ImmunoPrecise's Breakthrough Cancer Treatment Shows Promise in $20.7B ADC Market

Promising Phase 2 Results for Lead Candidate IP-001

Frederick, MD — February 28, 2023 — ImmunoPrecise Antibodies (NASDAQ: IPA), a clinical-stage biopharmaceutical company, announced positive Phase 2 data from a multiple-ascending dose trial of its lead candidate, IP-001, in patients with metastatic castration-resistant prostate cancer (mCRPC). The study results showed that IP-001 has the potential to be a promising treatment option for this aggressive form of cancer.

Key Findings from the Phase 2 Trial

The Phase 2 trial included 33 patients who received IP-001 at varying doses. The primary endpoint of the trial was to assess the safety and tolerability of IP-001. The secondary endpoint was to evaluate the efficacy and preliminary antitumor activity of IP-001.
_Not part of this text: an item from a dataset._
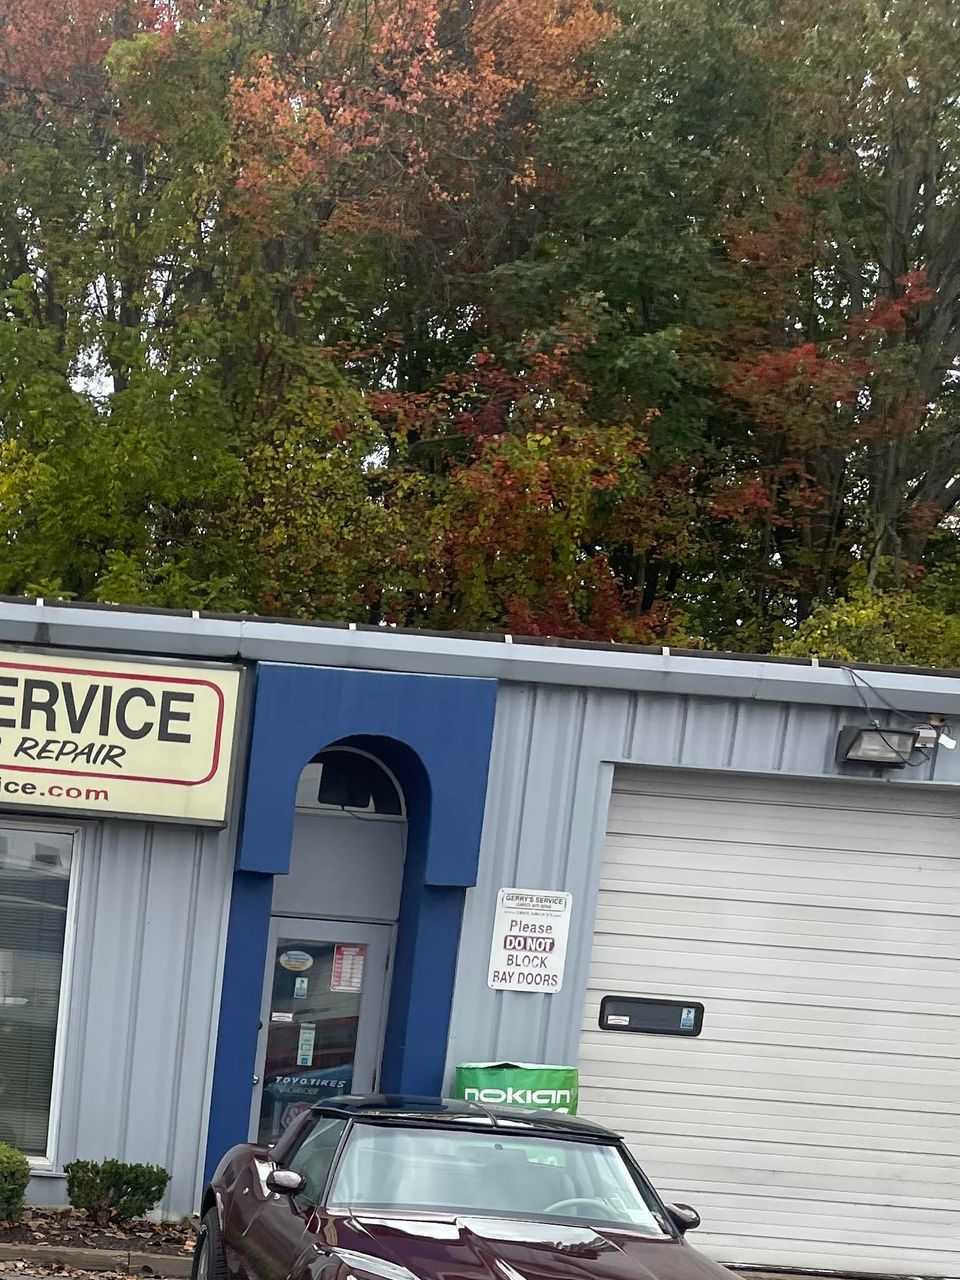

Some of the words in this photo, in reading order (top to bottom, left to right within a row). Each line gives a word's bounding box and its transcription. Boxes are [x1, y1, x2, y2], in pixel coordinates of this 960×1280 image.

IP-001 was well-tolerated with no dose-limiting toxicities observed.
The most common adverse events were fatigue (58%), nausea (48%), and chills (39%), which were generally mild to moderate in severity.
IP-001 demonstrated preliminary antitumor activity, with a confirmed prostate-specific antigen (PSA) response rate of 46% and a disease control rate of 79%.
Four patients (12%) had a confirmed partial response, and six patients (18%) had stable disease for at least six months.

The positive results from this Phase 2 trial provide support for the continued development of IP-001 as a potential new treatment option for patients with mCRPC. ImmunoPrecise plans to initiate a Phase 3 trial of IP-001 in the second half of 2023.

About IP-001

IP-001 is a novel antibody-drug conjugate (ADC) that targets prostate-specific membrane antigen (PSMA), a protein that is overexpressed on the surface of prostate cancer cells. ADCs are a type of targeted therapy that combines a monoclonal antibody with a cytotoxic agent. The antibody binds to a specific antigen on the cancer cells, and the cytotoxic agent is then delivered directly to the cancer cells, minimizing damage to healthy cells.

IP-001 has shown promising preclinical and clinical activity in patients with mCRPC. In a Phase 1 trial, IP-001 was well-tolerated and demonstrated preliminary antitumor activity. The Phase 2 trial further evaluated the safety, tolerability, and efficacy of IP-001 in patients with mCRPC.

Market Potential

The market for ADC therapies is growing rapidly, with a projected value of $20.7 billion by 2027. The ADC market is driven by the increasing demand for targeted cancer therapies and the development of new and improved ADC technologies. IP-001 has the potential to be a significant player in this market, given its promising clinical data and its targeting of a well-validated target in prostate cancer.

Conclusion

The positive results from the Phase 2 trial of IP-001 are an important milestone for ImmunoPrecise and for patients with mCRPC. IP-001 has the potential to be a valuable new treatment option for this aggressive form of cancer. ImmunoPrecise plans to initiate a Phase 3 trial of IP-001 in the second half of 2023.